Dataset records:
########
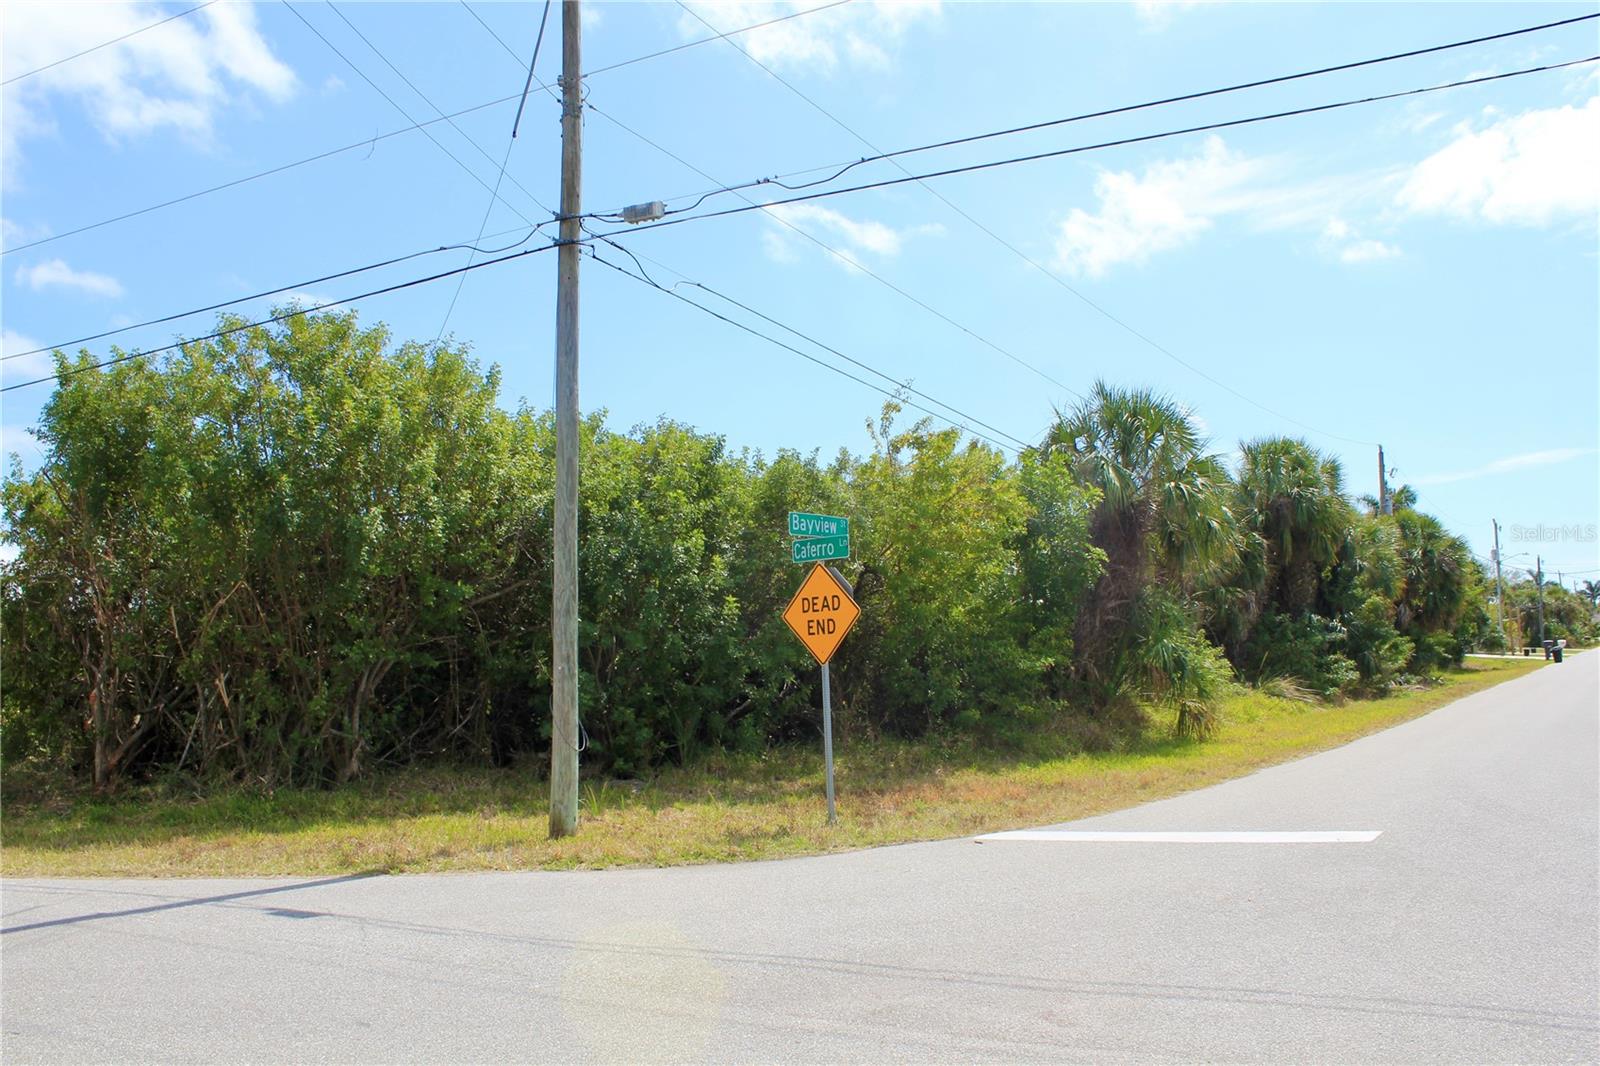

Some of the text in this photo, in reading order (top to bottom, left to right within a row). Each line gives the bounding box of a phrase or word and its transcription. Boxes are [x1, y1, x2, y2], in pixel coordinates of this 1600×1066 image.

[792, 514, 846, 534] Bayview St
[794, 543, 834, 559] Caferro
[802, 595, 841, 613] DEAD
[807, 618, 836, 636] END
########
Description of the task — Transcribe every line in the entries above, taking out only the images.

Answer box —
Some of the text in this photo, in reading order (top to bottom, left to right within a row). Each line gives the bounding box of a phrase or word and its transcription. Boxes are [x1, y1, x2, y2], in pixel coordinates of this 1600×1066 image.

[792, 514, 846, 534] Bayview St
[794, 543, 834, 559] Caferro
[802, 595, 841, 613] DEAD
[807, 618, 836, 636] END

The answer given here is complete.